Rz. 358
Die Zwangsvollstreckung darf nur durchgeführt werden, wenn die Personen, für und gegen die sie stattfinden soll, in dem Urteil oder der ihm beigefügten Vollstreckungsklausel bezeichnet sind (vgl. u. a. AG Berlin-Lichtenberg, Beschluss v. 19.10.2005, 33 M 8070/05, NZM 2006, 120) und das Urteil bereits zugestellt ist oder gleichzeitig zugestellt wird (§ 750 Abs. 1 Satz 1 ZPO). Ein Einzelkaufmann kann in einem Titel unter seiner Firma nach § 17 Abs. 1 HGB bezeichnet werden, auch wenn der bürgerliche Name fehlt, vorausgesetzt eine eindeutige Identifizierung ist möglich (OLG Köln, Beschluss v. 8.3.1995,2 W 42/95, NJW-RR 96, 292; KG, Beschluss v. 12.1.1982, 1 W 2206/81, Rpfleger 82, 191).
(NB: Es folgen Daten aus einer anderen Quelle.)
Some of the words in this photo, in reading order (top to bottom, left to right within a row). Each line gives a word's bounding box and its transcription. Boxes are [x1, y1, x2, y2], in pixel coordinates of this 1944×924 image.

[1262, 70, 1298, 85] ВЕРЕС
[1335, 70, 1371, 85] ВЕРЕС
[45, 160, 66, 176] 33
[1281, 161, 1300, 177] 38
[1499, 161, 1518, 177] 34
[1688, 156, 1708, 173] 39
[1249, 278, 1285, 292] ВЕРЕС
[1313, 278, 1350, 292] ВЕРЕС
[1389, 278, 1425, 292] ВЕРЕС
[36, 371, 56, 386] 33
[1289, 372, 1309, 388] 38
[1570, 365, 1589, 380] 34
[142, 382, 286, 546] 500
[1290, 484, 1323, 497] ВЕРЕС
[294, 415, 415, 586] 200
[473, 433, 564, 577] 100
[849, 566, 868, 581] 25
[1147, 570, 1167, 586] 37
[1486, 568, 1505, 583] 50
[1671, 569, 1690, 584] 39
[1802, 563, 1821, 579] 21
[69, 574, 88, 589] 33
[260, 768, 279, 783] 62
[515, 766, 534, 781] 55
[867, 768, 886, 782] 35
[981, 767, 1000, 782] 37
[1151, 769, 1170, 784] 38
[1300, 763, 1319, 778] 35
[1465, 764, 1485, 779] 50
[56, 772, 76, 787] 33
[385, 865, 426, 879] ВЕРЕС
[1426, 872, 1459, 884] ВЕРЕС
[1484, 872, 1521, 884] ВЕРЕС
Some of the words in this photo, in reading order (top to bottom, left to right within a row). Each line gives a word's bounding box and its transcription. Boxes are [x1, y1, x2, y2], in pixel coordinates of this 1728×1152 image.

Zur Vollstreckung für eine Wohnungseigentümergemeinschaft ist eine Sammelbezeichnung mit Angabe des Gemeinschaftsverhältnisses ("Wohnungseigentümer der Anlage Straße … in ….") zulässig, sofern der zu vollstreckende Anspruch auf eine an die Wohnungseigentümer gemeinschaftlich zu erbringende Leistung (hier: Wohngeld) gerichtet ist, die Gläubiger bei der Vollstreckung durch den Verwalter vertreten werden und sofern sich die einzelnen Gläubiger ermitteln lassen (BGH, Beschluss v. 16.7.2004, IXa ZB 288/03, NJW 2004, 3632, 3634; BayObLG, Beschluss v. 23.1.1986, BReg 2 Z 126/85, NJW-RR 1986, 564; Prütting/Gehrlein, § 750 ZPO Rn. 6) Das gilt auch für einen Titel gegen die Gesellschafter, wenn sich deren Identität mit der GbR mit der notwendigen Sicherheit ergibt (LG Berlin Rpfleger 2008).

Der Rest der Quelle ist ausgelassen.